(Records from a data source)
======

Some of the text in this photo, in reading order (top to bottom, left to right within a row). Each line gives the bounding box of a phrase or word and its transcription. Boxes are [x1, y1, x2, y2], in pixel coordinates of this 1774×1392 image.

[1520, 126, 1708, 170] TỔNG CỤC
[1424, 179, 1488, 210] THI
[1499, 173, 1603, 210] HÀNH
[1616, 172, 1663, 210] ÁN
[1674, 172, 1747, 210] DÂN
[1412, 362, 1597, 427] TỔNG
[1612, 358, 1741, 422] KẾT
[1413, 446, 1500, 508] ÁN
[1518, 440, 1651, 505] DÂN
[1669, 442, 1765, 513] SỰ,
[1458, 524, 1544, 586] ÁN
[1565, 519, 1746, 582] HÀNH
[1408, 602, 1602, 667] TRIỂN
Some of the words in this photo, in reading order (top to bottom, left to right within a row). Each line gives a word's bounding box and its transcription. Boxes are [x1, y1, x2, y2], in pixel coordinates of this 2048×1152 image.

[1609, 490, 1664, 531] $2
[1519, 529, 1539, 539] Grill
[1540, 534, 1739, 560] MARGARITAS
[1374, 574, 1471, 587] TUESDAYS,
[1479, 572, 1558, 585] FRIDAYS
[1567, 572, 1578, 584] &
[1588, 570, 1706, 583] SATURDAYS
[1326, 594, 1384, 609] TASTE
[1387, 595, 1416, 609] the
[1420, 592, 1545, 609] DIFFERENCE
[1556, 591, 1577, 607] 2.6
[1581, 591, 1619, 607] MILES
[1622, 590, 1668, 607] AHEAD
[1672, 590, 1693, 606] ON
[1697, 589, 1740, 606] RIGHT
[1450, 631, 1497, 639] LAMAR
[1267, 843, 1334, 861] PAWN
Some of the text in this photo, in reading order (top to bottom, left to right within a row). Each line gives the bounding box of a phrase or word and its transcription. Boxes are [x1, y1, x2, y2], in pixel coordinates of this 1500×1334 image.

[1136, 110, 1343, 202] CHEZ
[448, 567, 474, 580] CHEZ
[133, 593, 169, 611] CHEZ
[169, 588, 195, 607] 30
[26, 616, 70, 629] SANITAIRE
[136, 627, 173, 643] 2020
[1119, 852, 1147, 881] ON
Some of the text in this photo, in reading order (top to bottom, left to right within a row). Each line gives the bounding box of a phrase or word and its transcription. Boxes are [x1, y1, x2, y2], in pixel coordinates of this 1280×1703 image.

======

What you need to do: Each entry above needs to be retyped exactly as it appears.

Answer to the exercise:
Some of the text in this photo, in reading order (top to bottom, left to right within a row). Each line gives the bounding box of a phrase or word and its transcription. Boxes are [x1, y1, x2, y2], in pixel coordinates of this 1774×1392 image.

[1520, 126, 1708, 170] TỔNG CỤC
[1424, 179, 1488, 210] THI
[1499, 173, 1603, 210] HÀNH
[1616, 172, 1663, 210] ÁN
[1674, 172, 1747, 210] DÂN
[1412, 362, 1597, 427] TỔNG
[1612, 358, 1741, 422] KẾT
[1413, 446, 1500, 508] ÁN
[1518, 440, 1651, 505] DÂN
[1669, 442, 1765, 513] SỰ,
[1458, 524, 1544, 586] ÁN
[1565, 519, 1746, 582] HÀNH
[1408, 602, 1602, 667] TRIỂN
Some of the words in this photo, in reading order (top to bottom, left to right within a row). Each line gives a word's bounding box and its transcription. Boxes are [x1, y1, x2, y2], in pixel coordinates of this 2048×1152 image.

[1609, 490, 1664, 531] $2
[1519, 529, 1539, 539] Grill
[1540, 534, 1739, 560] MARGARITAS
[1374, 574, 1471, 587] TUESDAYS,
[1479, 572, 1558, 585] FRIDAYS
[1567, 572, 1578, 584] &
[1588, 570, 1706, 583] SATURDAYS
[1326, 594, 1384, 609] TASTE
[1387, 595, 1416, 609] the
[1420, 592, 1545, 609] DIFFERENCE
[1556, 591, 1577, 607] 2.6
[1581, 591, 1619, 607] MILES
[1622, 590, 1668, 607] AHEAD
[1672, 590, 1693, 606] ON
[1697, 589, 1740, 606] RIGHT
[1450, 631, 1497, 639] LAMAR
[1267, 843, 1334, 861] PAWN
Some of the text in this photo, in reading order (top to bottom, left to right within a row). Each line gives the bounding box of a phrase or word and its transcription. Boxes are [x1, y1, x2, y2], in pixel coordinates of this 1500×1334 image.

[1136, 110, 1343, 202] CHEZ
[448, 567, 474, 580] CHEZ
[133, 593, 169, 611] CHEZ
[169, 588, 195, 607] 30
[26, 616, 70, 629] SANITAIRE
[136, 627, 173, 643] 2020
[1119, 852, 1147, 881] ON
Some of the text in this photo, in reading order (top to bottom, left to right within a row). Each line gives the bounding box of a phrase or word and its transcription. Boxes are [x1, y1, x2, y2], in pixel coordinates of this 1280×1703 image.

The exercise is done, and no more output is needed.